« Ce soir, tous les communistes s’appellent Oscar... »

L’architecte Oscar Niemeyer, artisan de Brasilia, est mort le 5 décembre 2012 à 21h 55, à Rio de Janeiro, d’un arrêt respiratoire. Il avait 104 ans, toute sa tête et beaucoup de projets en cours de par le monde. Une trajectoire parfaite. " De courbes, disait-il, est fait notre univers "

Photo : Carlos Magno/Creative Commons

Il s’est évaporé mercredi 5 décembre 2012 à 21h 55, heure de Rio de Janeiro, 10 jours avant de souffler sa 105ème bougie : Oscar Niemeyer n’aimait pas les anniversaires. Pas le cheval non plus. Lui qui vivait dans un pays de cow-boys s’était irrité que l’un de ses 13 arrière-petits-fils lui rende hommage avec une cavalcade du Minas Gerais à Rio, alors qu’il n’était « jamais monté à cheval ». Lui qui dessinait des soucoupes volantes, des voiles et des bâtiments faits pour « flotter » et qui vivait dans un pays immense grand comme deux Europe n’aimait pas l’avion. C’est par voie maritime ou terrestre qu’il voyageait.

Cet architecte du béton armé avait un sens profond du paradoxe. A la ligne droite, toujours il préféra la courbe. De son atelier surplombant la baie de Copacabana ou de sa Maison des Canoës perchée dans la forêt de Tijuca et devenue aujourd’hui la Fondation Oscar Niemeyer, il s’était empli le regard de lignes en arcs de cercles avec les plages, les vagues, les femmes, les morros.

« Ce n’est pas l’angle aigu qui m’attire ni la ligne droite, inflexible, dure créée par l’homme. C’est la courbe, libre et sensuelle, la courbe des montagnes de mon pays, du cours sinueux des rivières, des nuages du ciel, des vagues de la mer, du corps de la femme préférée. De courbes, est fait notre Univers. L’univers courbe d’Einstein ! »

Pourtant c’est moins l’architecte des courbes que l’idéaliste, l’homme droit et généreux que pleurent 190 millions de Brésiliens. Chico Buarque salue son humanité, « une homme encore plus grand que son oeuvre  ». Les Etats de Rio de Janeiro et du Minas Gerais ont décrété 3 jours de deuil national et Brasilia veillera jeudi le corps de l’architecte au Palais du Planalto, l’Elysée brésilien qu’il a lui-même dessiné tout comme le Congrès, le Palais de l’Itamaraty, Ministère des Affaires Etrangères, le Tribunal Supérieur et la moitié des bâtiments publics de la capitale.

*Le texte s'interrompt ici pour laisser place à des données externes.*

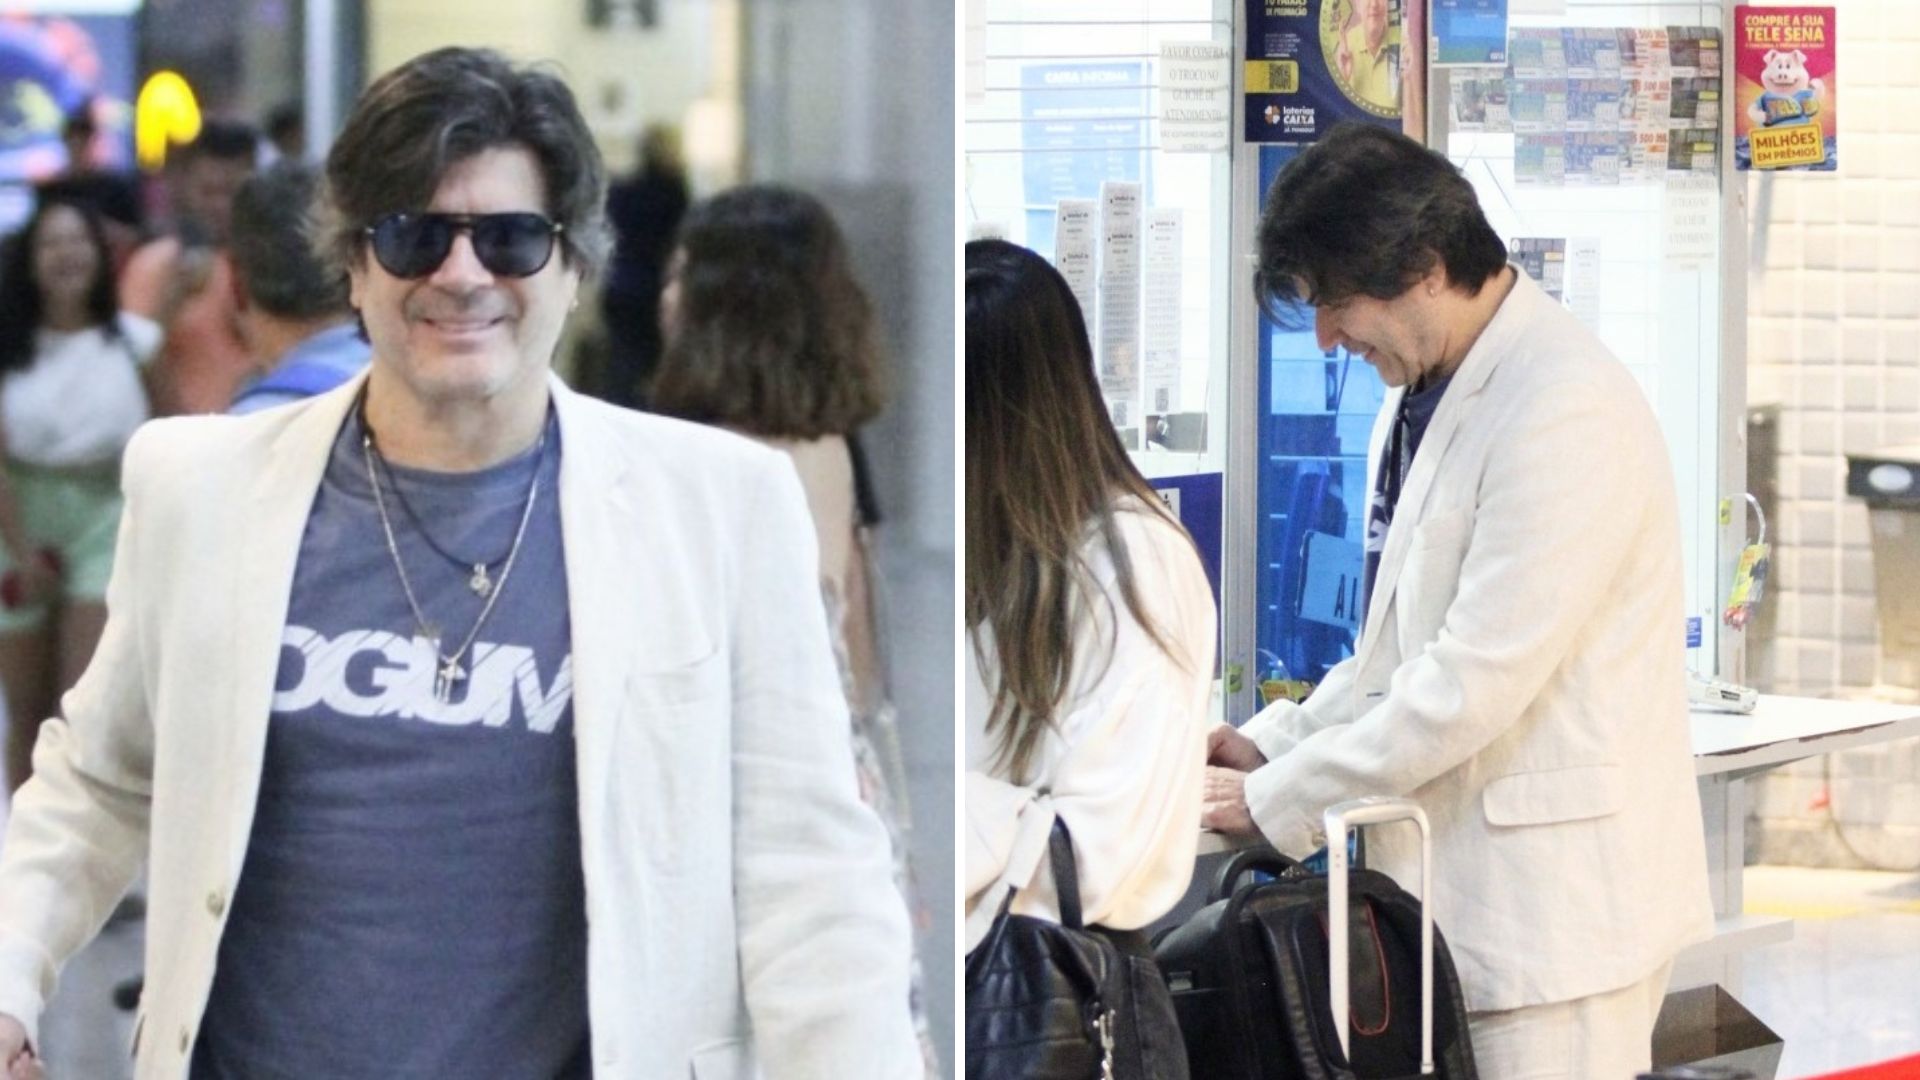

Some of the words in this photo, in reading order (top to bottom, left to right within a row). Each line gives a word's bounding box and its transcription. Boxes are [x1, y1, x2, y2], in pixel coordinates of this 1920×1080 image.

[1745, 14, 1790, 26] COMPRE
[1792, 14, 1801, 26] A
[1802, 14, 1825, 26] SUA
[1745, 26, 1780, 42] TELE
[1783, 26, 1825, 42] SENA
[1283, 105, 1315, 115] loterias
[1283, 115, 1315, 125] CAIXA
[1756, 130, 1816, 149] MILHÕES
[1757, 151, 1772, 162] EM
[1774, 147, 1817, 159] PRÊMIOS
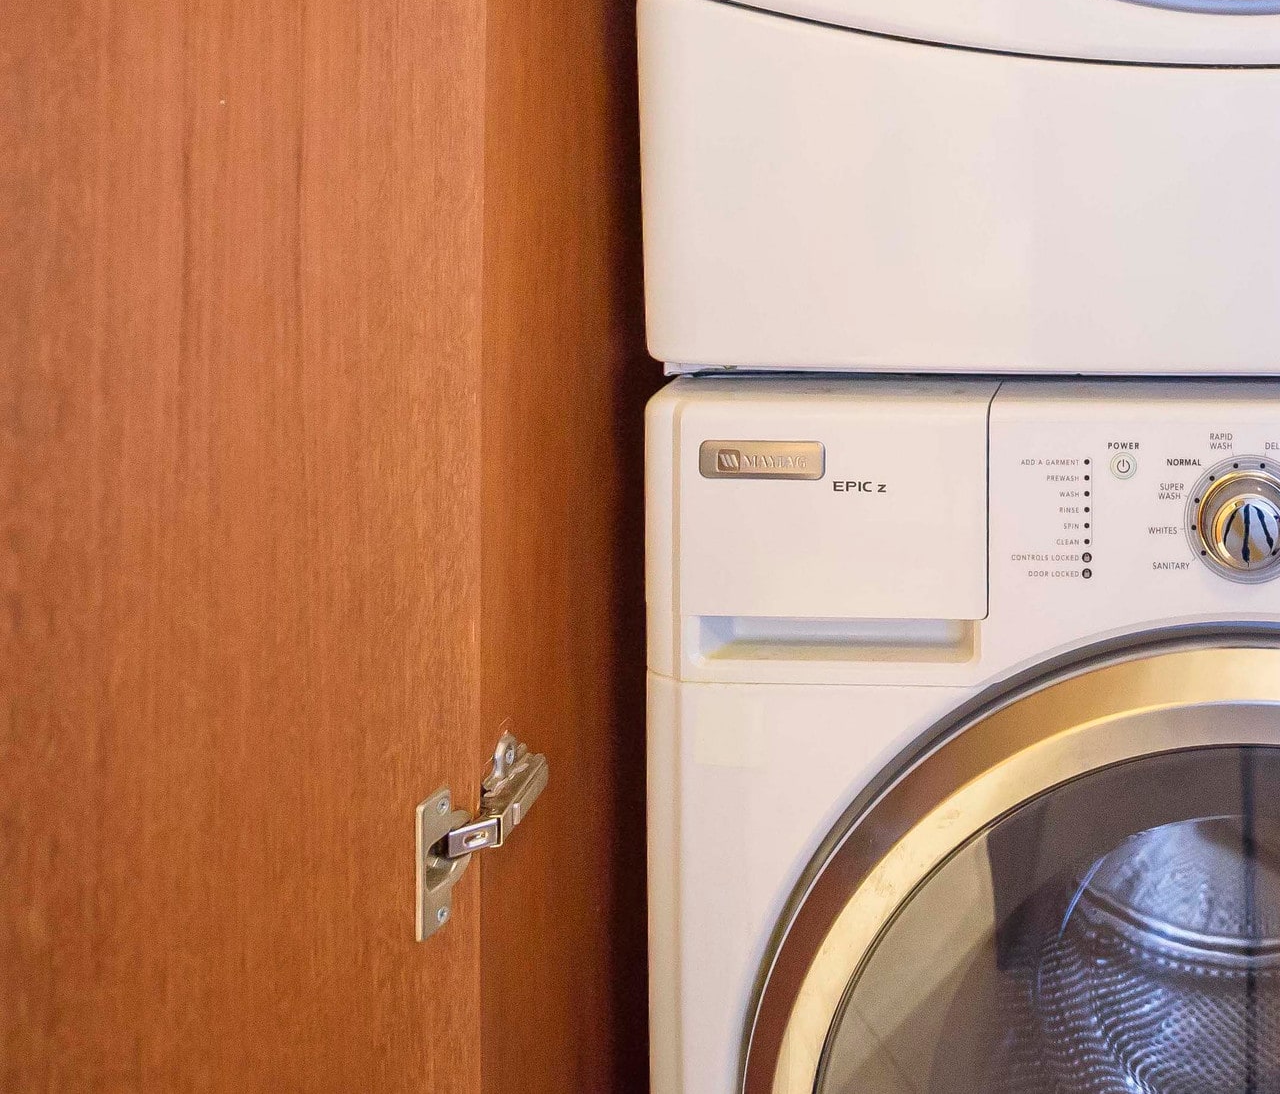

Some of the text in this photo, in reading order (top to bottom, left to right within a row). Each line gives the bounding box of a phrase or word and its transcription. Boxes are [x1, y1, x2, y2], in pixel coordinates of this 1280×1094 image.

[1209, 433, 1233, 441] RAPID
[1107, 442, 1140, 450] POWER
[1210, 442, 1233, 450] WASH
[743, 455, 807, 468] MAYTAG
[1166, 458, 1202, 466] NORMAL
[833, 481, 872, 492] EPIC
[1160, 483, 1184, 491] SUPER
[1158, 492, 1181, 500] WASH
[1148, 527, 1178, 535] WHITES
[1152, 562, 1190, 570] SANITARY

« L’architecture n’a pas d’importance » disait-il en toute conviction. « Ce qui importe, c’est d’en finir avec la misère ». Voilà pourquoi il avait jusqu’au bout soutenu Lula. Il trouvait que l’argent est une « une chose sordide » et il en distribuait autour de lui à ses amis, ses compagnons de route, ses employés. Son grand père Ministre du Suprême Tribunal - comme l’est aujourd’hui Joaquim Barbosa - était mort sans un sou et il trouvait ça « beau ». Pourtant, il ne manquait jamais de faire payer des fortunes pour son travail.

Musée Oscar Niemeyer à Curitiba - Brésil
Photo : Mário Roberto Ortiz/ Creative Commons

Oscar Niemeyer s’inscrit au Parti Communiste Brésilien (PCB) en 1945. Il a 38 ans ; a déjà travaillé avec Le Corbusier, construit le Palais Capanema, commande du Ministère de la Santé et de l’Education de Rio et l’Eglise bleue de Pampulha à Belo Horizonte, deux bâtiments identifiables par les céramiques bleues et blanches de Portinari. Il ne ressortira plus du Parti...Invité à enseigner à l’Université de Yale, son visa pour les Etats-Unis est refusé ! Qu’importe puisque l’année suivante, il participe à l’édification du Siège des Nations Unies à New York. ; « L’architecture n’a aucune importance à mes yeux. Ce qui importe c’est de vivre, de s’embrasser, qu’il y ait de la solidarité et qu’on puisse imaginer un monde meilleur !  ».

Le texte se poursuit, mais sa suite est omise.